/Data Authenticity at the Edge in the Age of Generative AI

Data Authenticity at the Edge in the Age of Generative AI

PhD - Gent | More than two weeks ago

How can we leverage data authenticity mechanisms on chip for sharing trustworthy derived insights?

Abstract

We invite applications for a PhD investigating how to guarantee the authenticity and provenance of sensor data produced at the network edge in an era where generative AI can fabricate highly convincing signals. Edge devices (smartphones, cameras, IoT sensors) initiate a data point’s lifecycle under tight resource constraints and heightened exposure to tampering, making early verification and end-to-end traceability critical. This project will design and evaluate methods that (i) harden the sensing pipeline so software can verify the trustworthiness of raw sensor outputs, (ii) construct provenance chains that preserve verifiable authenticity as data are transformed into higher-level statements (e.g., turning GPS readings into “Person X is in Ghent now”), and (iii) implement these mechanisms efficiently on resource-constrained edge platforms. Outcomes will include a state-of-the-art review; a robust framework for labeling, fingerprinting, and watermarking sensor streams; and prototype implementations validated on real and synthetic datasets across representative edge hardware. The research will advance scientific understanding at the intersection of edge computing, generative AI, and data governance, and aims to inform interoperable practices aligned with emerging content provenance approaches. The project is supervised by Prof. Pieter Colpaert and Dr. Tanguy Coenen in collaboration with imec’s AI & Algorithms research groups, with results to be disseminated via leading conferences, journals, and demonstrators.

Introduction

Generative AI is a branch of artificial intelligence that aims to create novel and realistic data, such as images, text, audio, or video, from existing data or latent variables. Generative AI has many potential applications, such as data augmentation, content creation, anomaly detection, and privacy preservation. However, generative AI also poses significant challenges for data authenticity and integrity, especially in the context of sensor data collected at the edge of the network. Edge computing is a paradigm that enables data processing and analysis near the source of the data, rather than in the cloud or a centralized server. Edge computing can offer benefits such as low latency, high bandwidth, reduced cost, and enhanced privacy. However, edge devices, such as smartphones, cameras, or IoT sensors, are often constrained by limited resources, such as memory, battery, and computing power. Moreover, edge devices are more vulnerable to physical attacks, tampering, or spoofing, which can compromise the quality and reliability of the sensor data. Therefore, it is crucial to develop methods and techniques to ensure data authenticity and integrity at the edge, in the presence of generative AI.

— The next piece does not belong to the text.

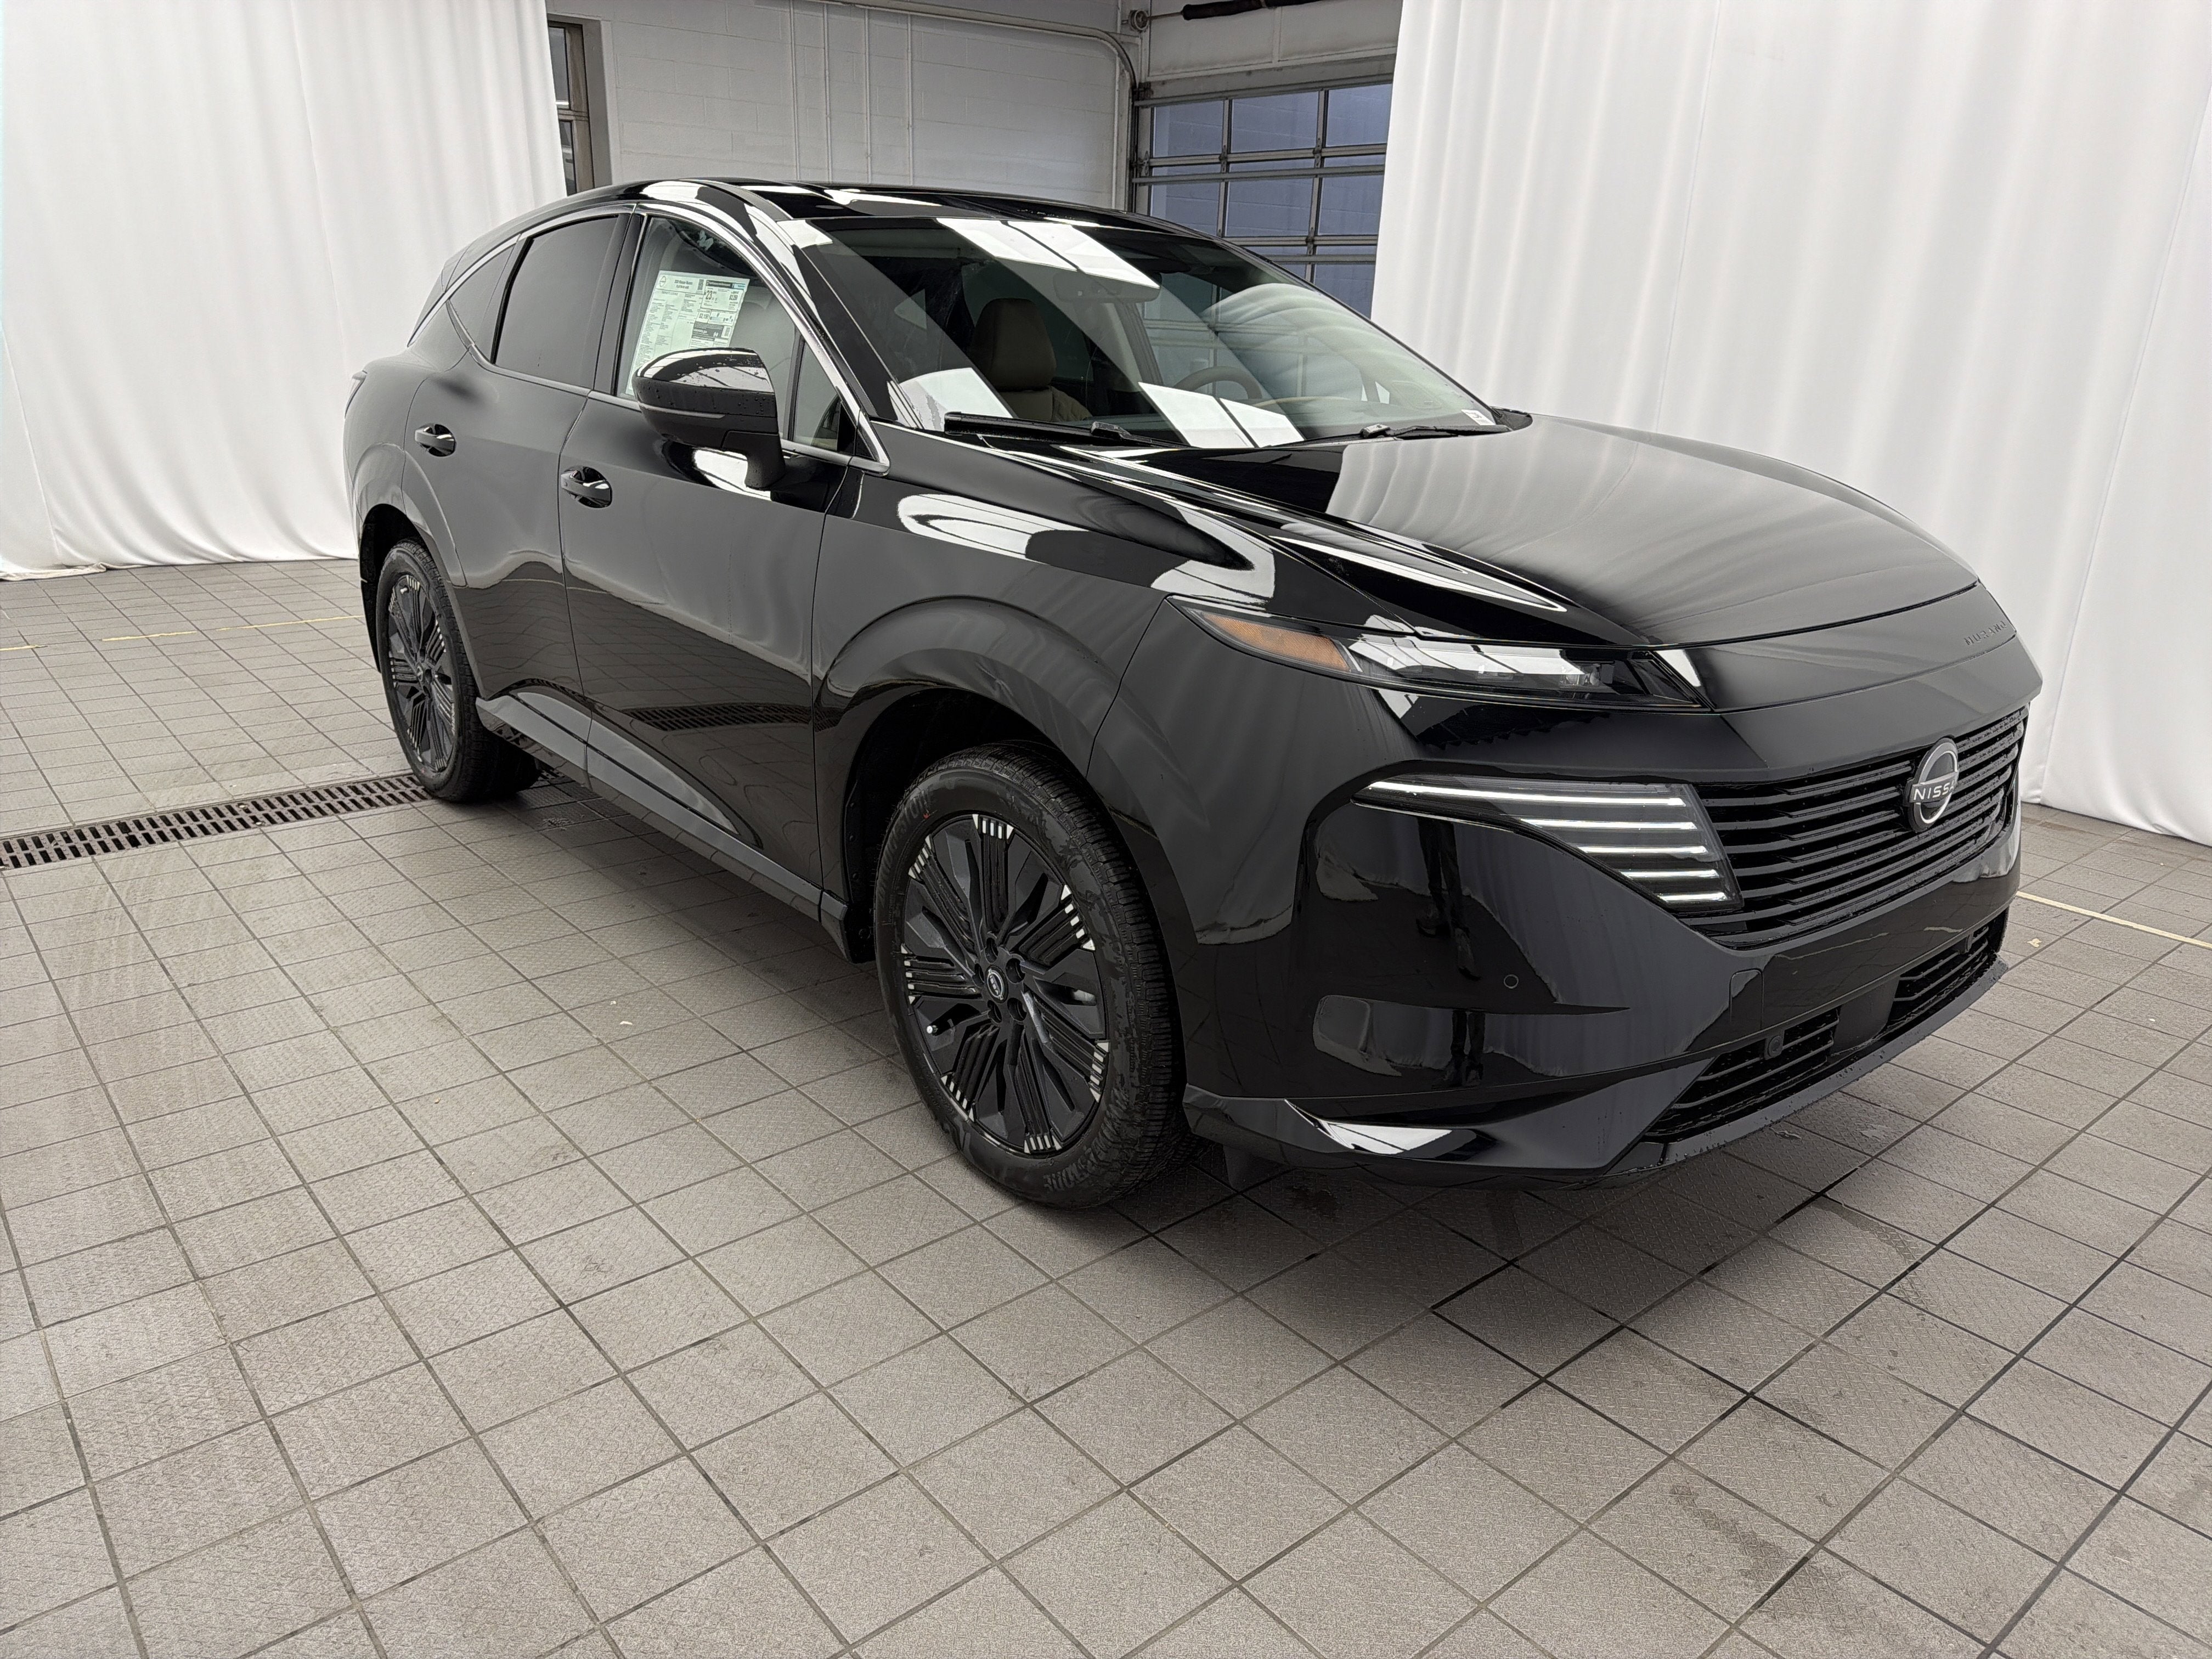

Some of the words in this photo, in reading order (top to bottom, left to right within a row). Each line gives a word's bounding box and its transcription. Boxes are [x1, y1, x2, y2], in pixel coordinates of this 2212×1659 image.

[706, 290, 712, 300] 23
[1964, 620, 2007, 645] MURANO
[1913, 778, 1955, 800] NISSA

Data authenticity ensures that data is genuine, original, and not fabricated or manipulated by unauthorized parties. Data authenticity is important for many reasons, such as establishing trust, accountability, and transparency among data producers, consumers, and intermediaries; protecting intellectual property rights and privacy; and preventing fraud, misinformation, and cyberattacks. Data authenticity becomes even more important in the context of generative AI, which can create realistic and convincing data that can be hard to distinguish from human data. Generative AI data can be used for malicious purposes, such as impersonating or deceiving people, spreading false or misleading information, or compromising the security or performance of systems or networks. Therefore, it is essential to develop methods and techniques to verify and validate the source, origin, and quality of the data, and to detect and reject any generative AI data that is not authorized or intended. This is the main motivation and challenge of this PhD project, which focuses on sensor data collected at the edge of the network, where the risk of generative AI data is higher and the resources for data authenticity are lower, yet the compute resides closer to the sensor and therefore constitutes the beginning of the life cycle of a data point. After the inception of the data point, the question becomes how to track the different computations that have been executed on the data point, to make observable and transparent the lineage and provenance of the data at the time of its usage. Techniques that can improve the transparency of this flow, which also being able to retain a trace of the authenticity of the data are at the center of this PhD topic.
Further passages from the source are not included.